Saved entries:
* * * * * * *
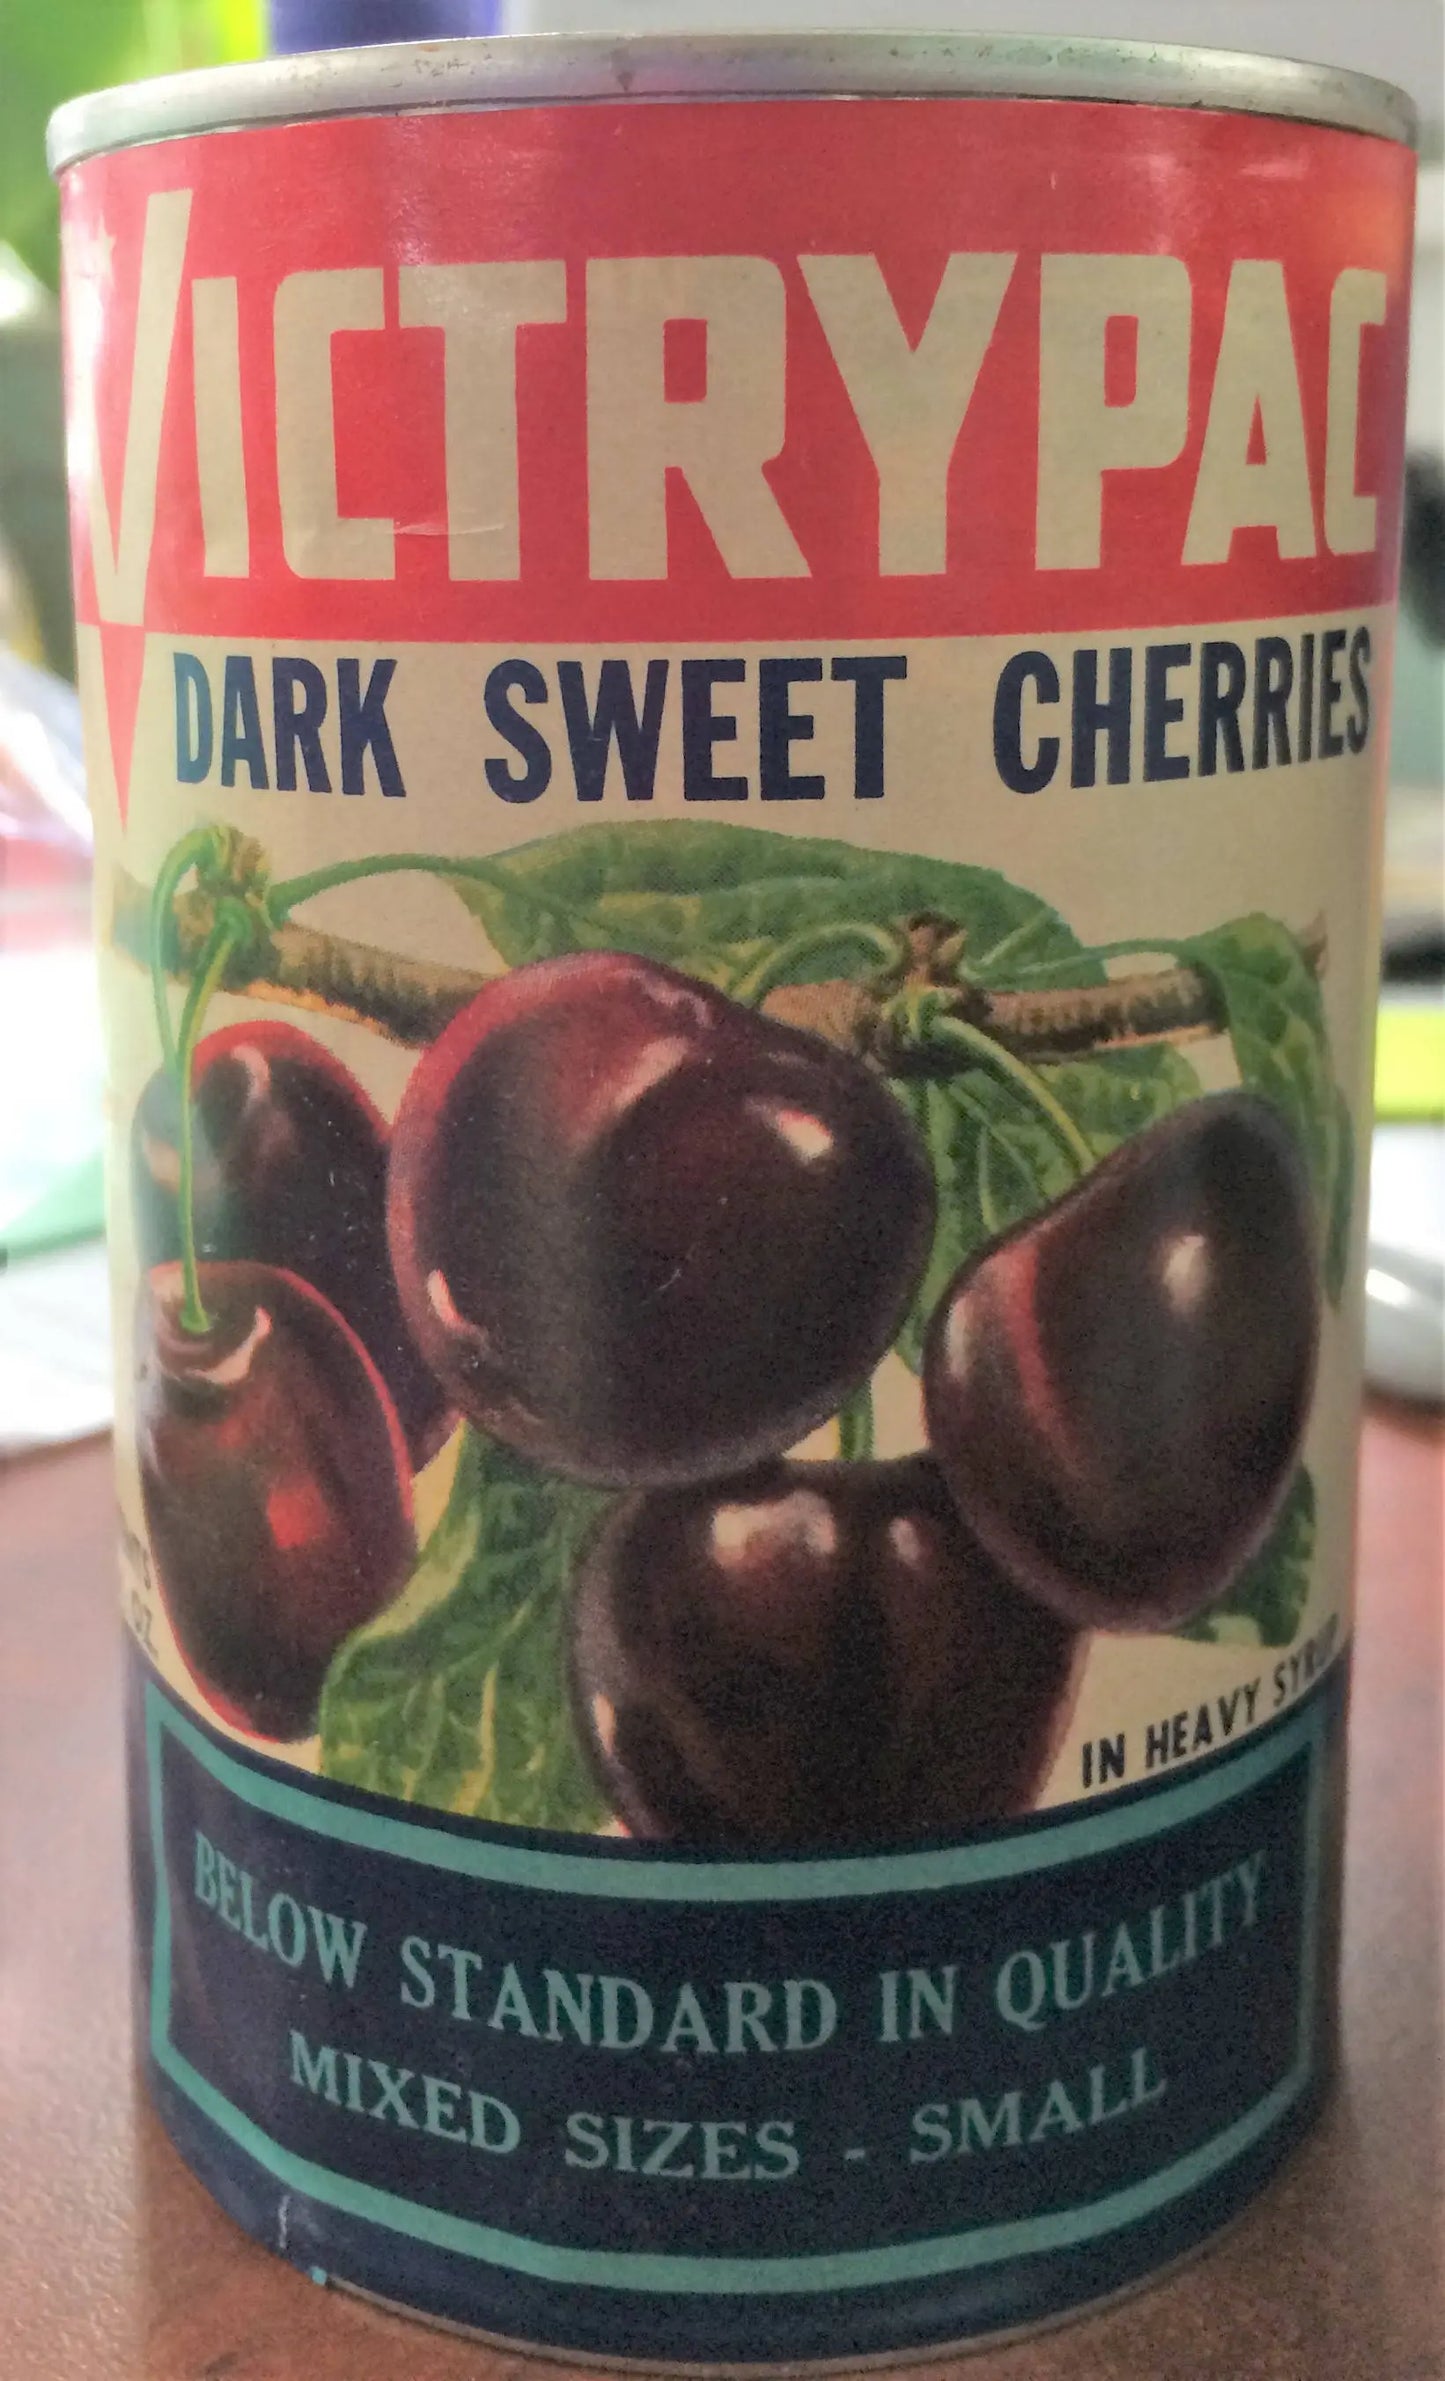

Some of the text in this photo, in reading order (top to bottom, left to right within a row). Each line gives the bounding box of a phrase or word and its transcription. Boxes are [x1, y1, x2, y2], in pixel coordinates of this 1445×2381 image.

[62, 187, 1388, 628] VICTRYPAC
[173, 626, 1373, 803] DARK SWEET CHERRIES
[1082, 1733, 1126, 1788] IN
[1145, 1677, 1262, 1768] HEAVY
[195, 1830, 1267, 2053] BELOW STANDARD IN QUALITY
[289, 2030, 521, 2155] MIXED
[564, 2112, 801, 2180] SIZES
[909, 2046, 1168, 2164] SMALL
* * * * * * *
▶ [WHAT THE TASK REQUIRES] Repeat the data above exactly; images are not part of the copy.

▶ [REPLY]
Some of the text in this photo, in reading order (top to bottom, left to right within a row). Each line gives the bounding box of a phrase or word and its transcription. Boxes are [x1, y1, x2, y2], in pixel coordinates of this 1445×2381 image.

[62, 187, 1388, 628] VICTRYPAC
[173, 626, 1373, 803] DARK SWEET CHERRIES
[1082, 1733, 1126, 1788] IN
[1145, 1677, 1262, 1768] HEAVY
[195, 1830, 1267, 2053] BELOW STANDARD IN QUALITY
[289, 2030, 521, 2155] MIXED
[564, 2112, 801, 2180] SIZES
[909, 2046, 1168, 2164] SMALL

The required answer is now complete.